[Dataset content — start]
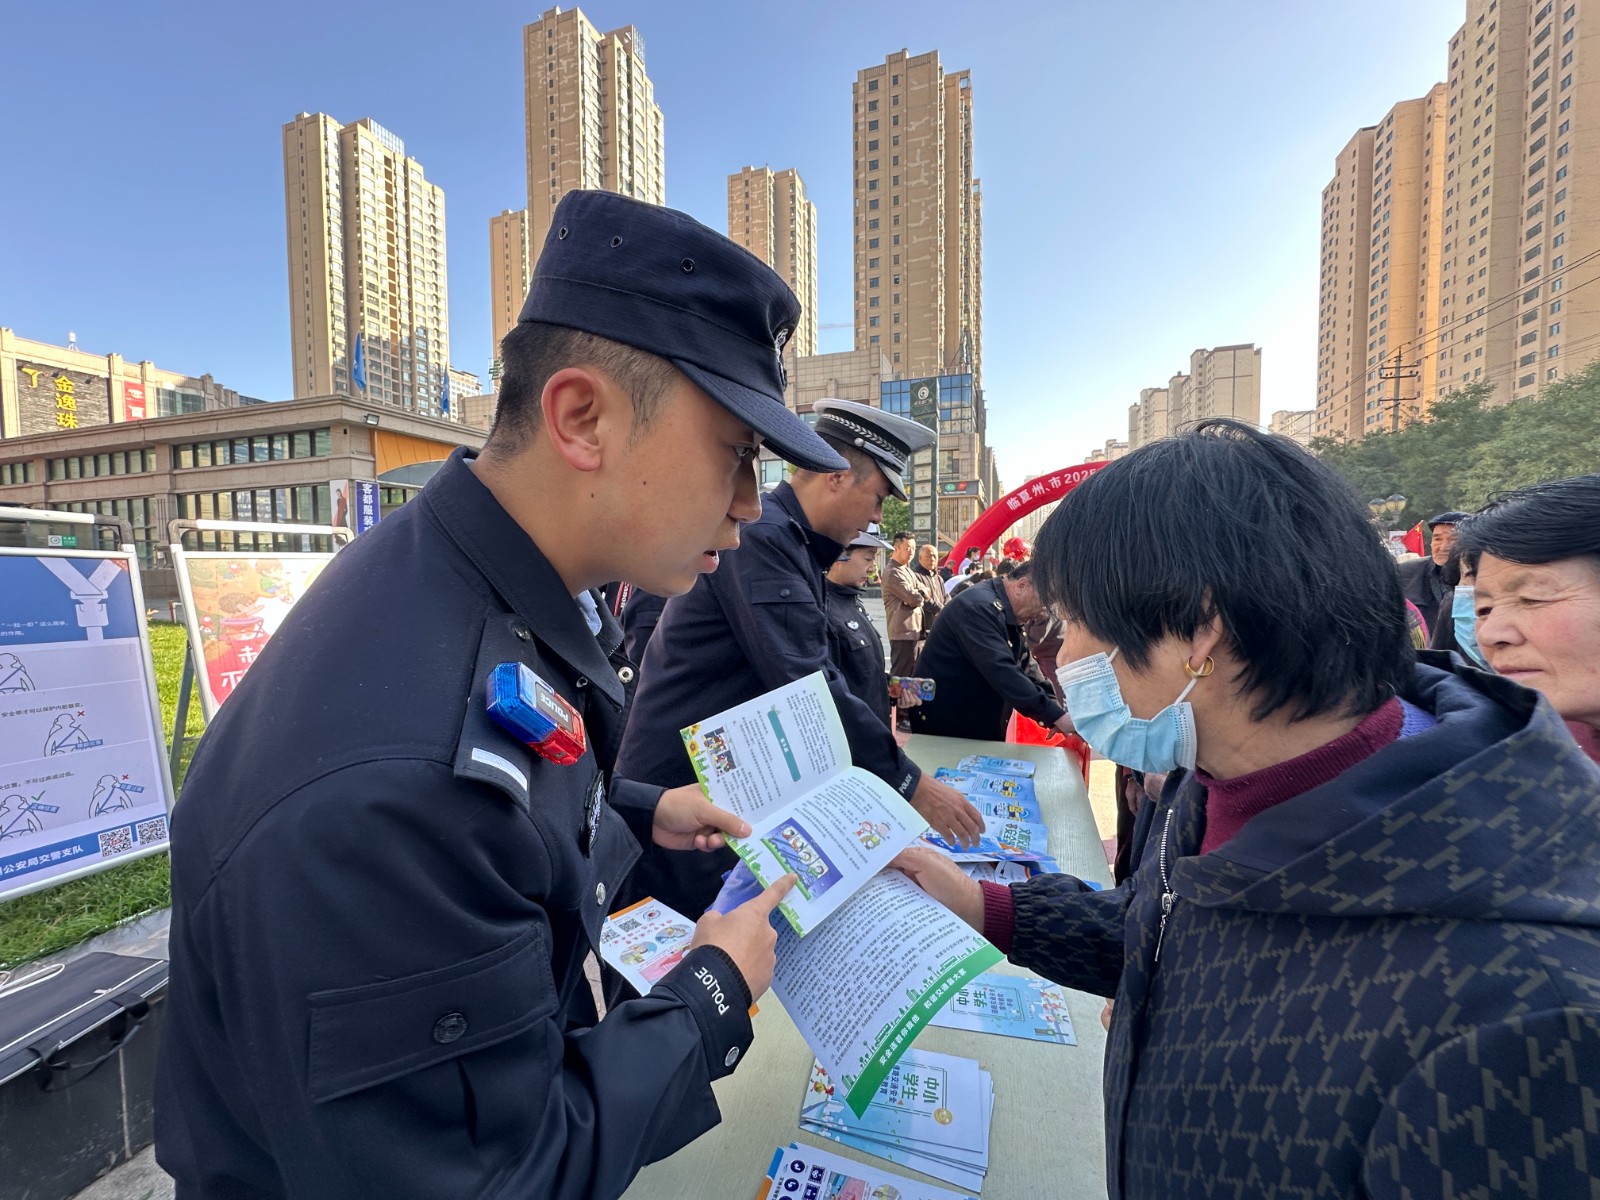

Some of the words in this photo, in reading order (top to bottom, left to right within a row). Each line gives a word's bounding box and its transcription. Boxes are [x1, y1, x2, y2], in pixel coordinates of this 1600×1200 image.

[54, 375, 78, 429] 金逸珠
[541, 692, 569, 722] POLICE
[898, 773, 913, 794] POLICE
[694, 966, 730, 1016] POLICE
[973, 990, 988, 1008] 学生
[879, 1014, 920, 1066] 安全连着你我他
[924, 968, 967, 1009] 和谐交通靠大家
[901, 1072, 920, 1101] 学生
[922, 1075, 940, 1103] 中小
[Dataset content — finish]
Task requirements —
Only an exact, picture-free copy of the entries counts as the answer.

Answer to the problem —
Some of the words in this photo, in reading order (top to bottom, left to right within a row). Each line gives a word's bounding box and its transcription. Boxes are [x1, y1, x2, y2], in pixel coordinates of this 1600×1200 image.

[54, 375, 78, 429] 金逸珠
[541, 692, 569, 722] POLICE
[898, 773, 913, 794] POLICE
[694, 966, 730, 1016] POLICE
[973, 990, 988, 1008] 学生
[879, 1014, 920, 1066] 安全连着你我他
[924, 968, 967, 1009] 和谐交通靠大家
[901, 1072, 920, 1101] 学生
[922, 1075, 940, 1103] 中小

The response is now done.